Abstract

Timothy Cuff, The Hidden Cost of Economic Development. The Biological Standard of Living in Antebellum Pennsylvania , Aldershot: Ashgate, 2005. Pp. 296. £55. ISBN 0 7546 4119 8. The flip side of nineteenth-century American market integration and economic progress, Timothy Cuff argues in The Hidden Cost of Economic Development , was a deterioration in the health of the population. The divergence in traditional economic measures and biological indicators of living standards such as human physical stature points to a hidden cost incurred by the generations who prepared the ground for modern economic growth. Within the debate about the repercussions of industrialisation on contemporary living standards, Cuff's work supports the pessimists' viewpoint that in a laissez-faire regime, the market does not necessarily produce desirable outcomes in all respects for the average citizen. There already exists a sizable body of literature on the stature decline in antebellum America but a question mark has remained regarding the underlying factors.
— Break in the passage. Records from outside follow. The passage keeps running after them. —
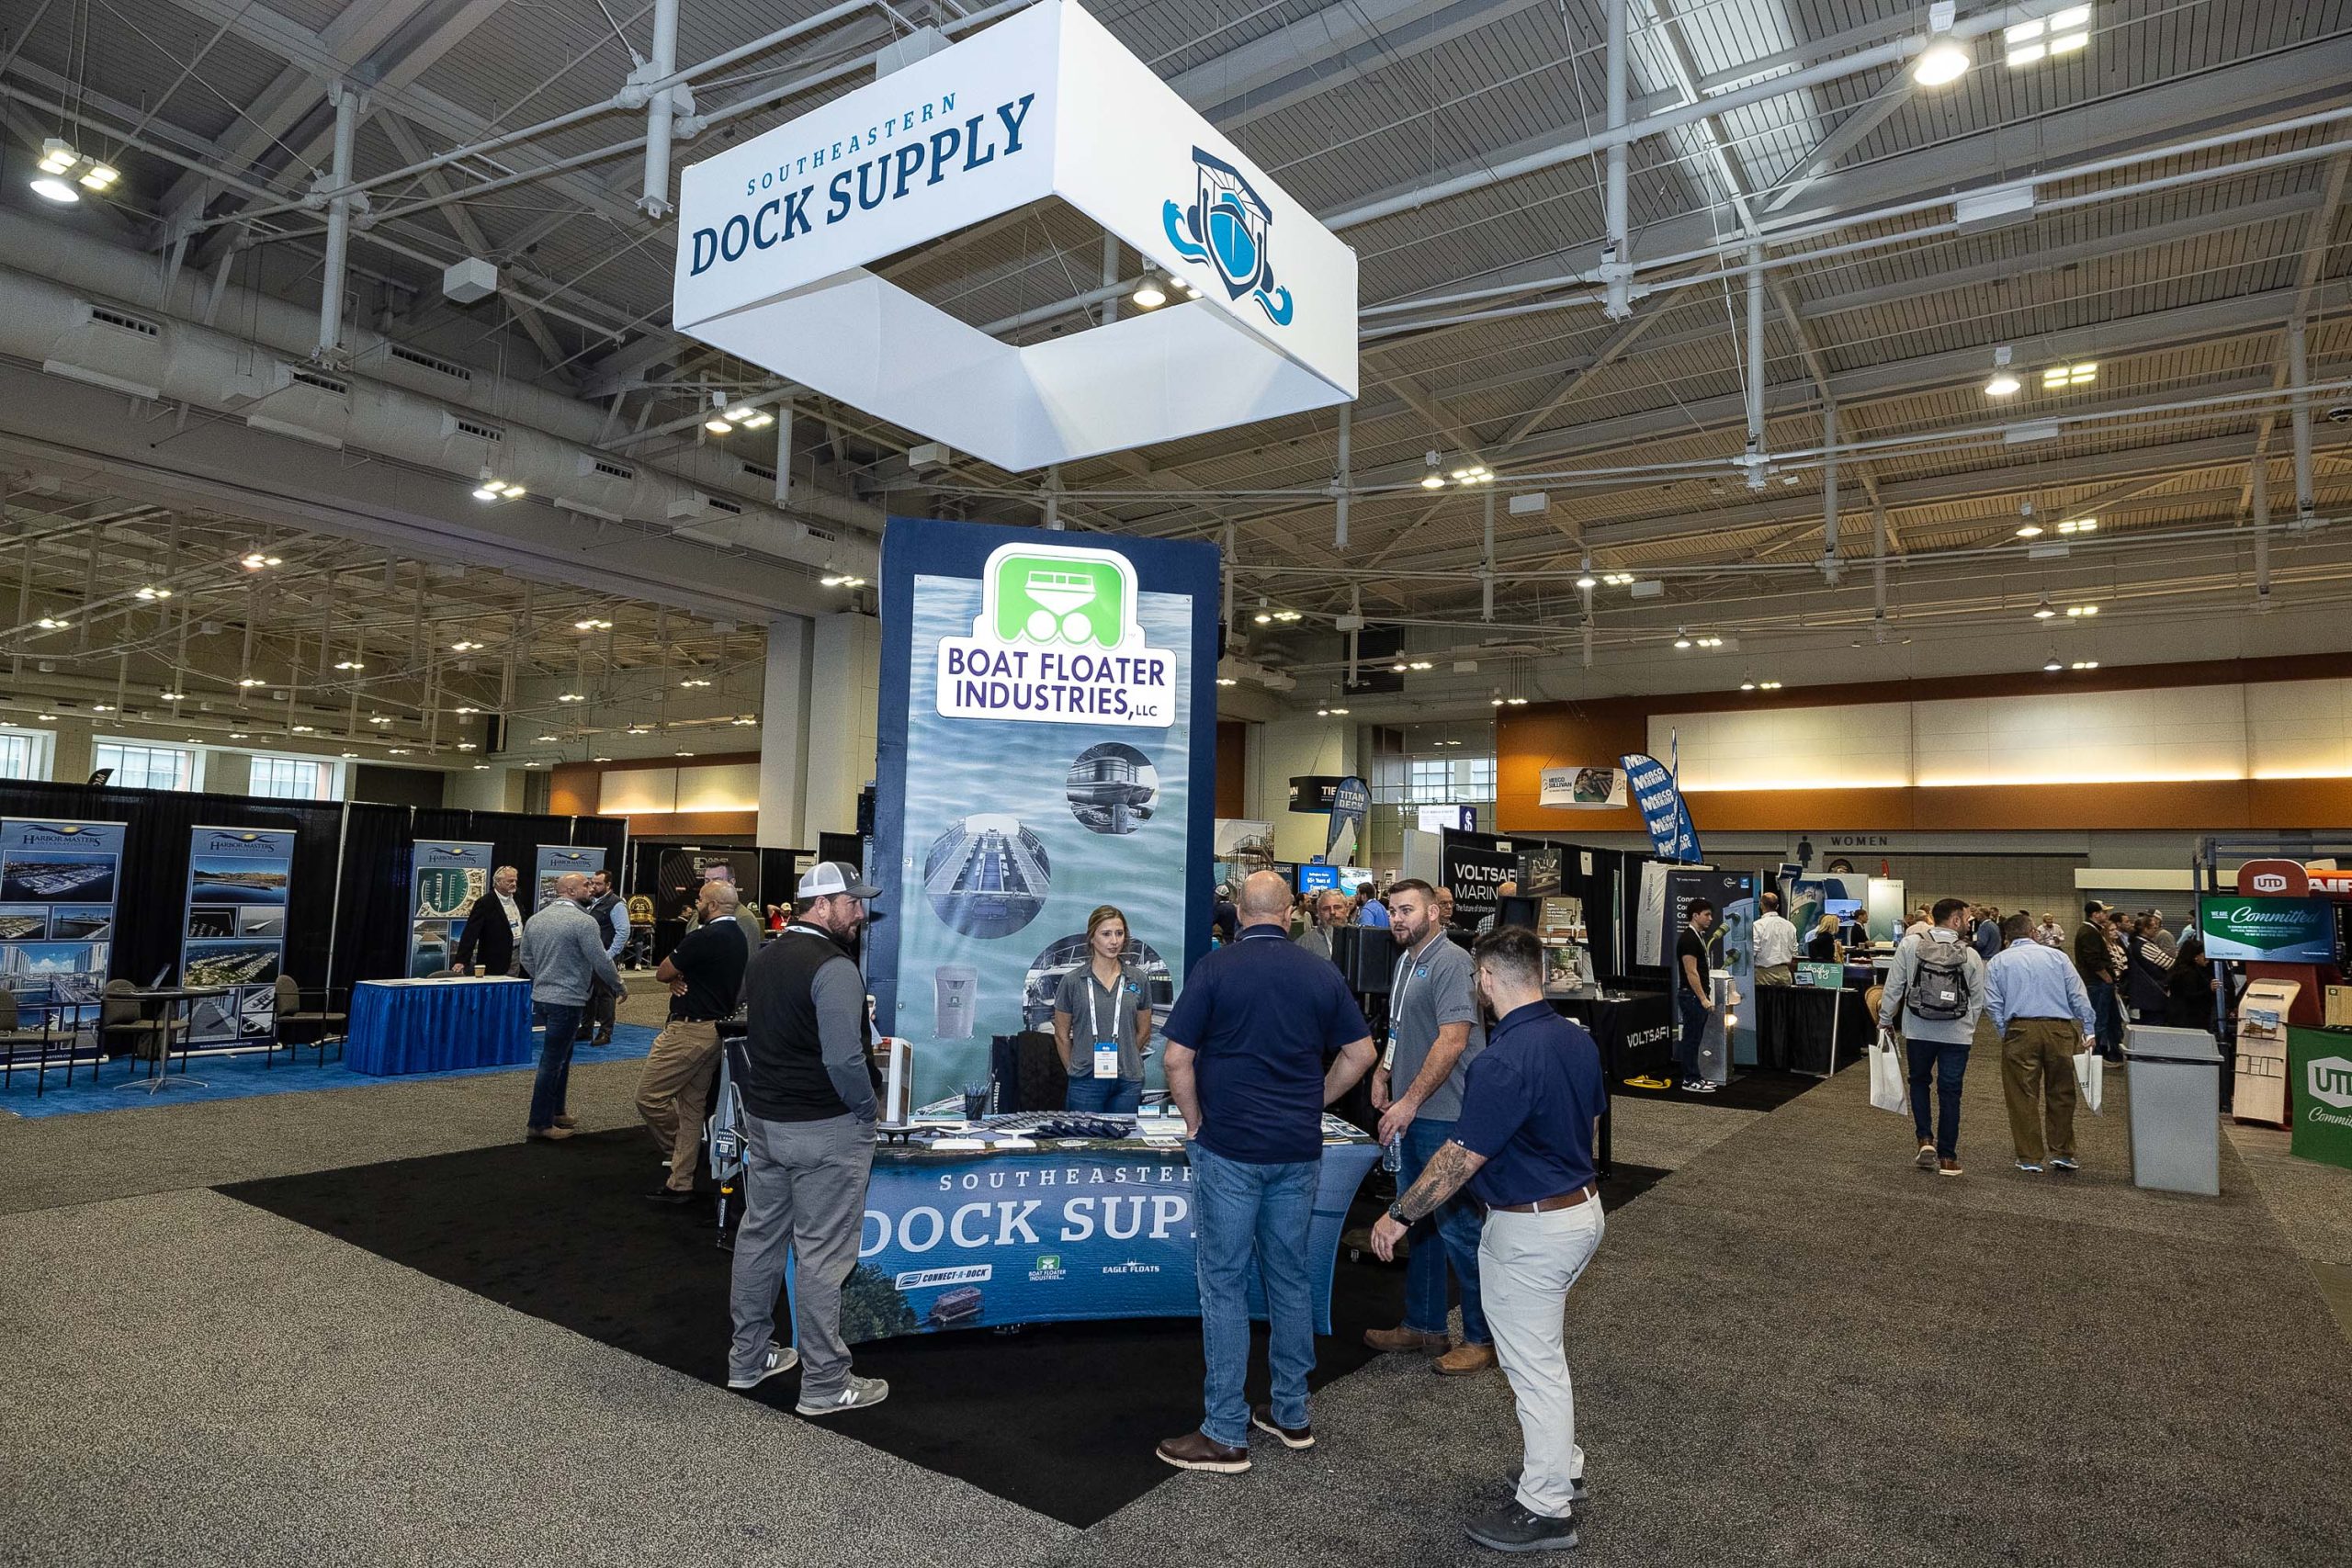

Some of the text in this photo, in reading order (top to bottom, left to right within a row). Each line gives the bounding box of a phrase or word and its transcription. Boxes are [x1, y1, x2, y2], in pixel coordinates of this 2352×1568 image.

[747, 92, 956, 197] SOUTHEASTERN
[690, 93, 1035, 276] DOCK SUPPLY
[948, 648, 1166, 686] BOAT FLOATER
[956, 680, 1158, 720] INDUSTRIES, LLC
[1339, 799, 1363, 810] DECK
[1340, 790, 1365, 802] TITAN
[23, 834, 101, 847] HARBOR MASTERS
[1831, 836, 1888, 846] WOMEN
[1454, 863, 1518, 882] VOLTSAF
[1454, 883, 1498, 900] MARIN
[2257, 878, 2283, 888] UTD
[2230, 906, 2321, 924] Committed
[1626, 1025, 1669, 1048] VOLTSAF
[939, 1166, 1193, 1191] SOUTHEASTER
[858, 1194, 1197, 1258] DOCK SUP
[1130, 1265, 1160, 1273] FLOATS
Adult height depends on one's genes of course, but also on the balance between nutritional intake, assaults by diseases and physical exertion during youth (and the timing of each of these factors). While differences in genetic endowments are thought to cancel each other out at the population level, changes in average height may depend on any, or a combination, of the remaining three factors. The main plot of the book is to demonstrate that the better part of the decline in stature is attributable to a decline in nutritional intake, as a consequence of economic change.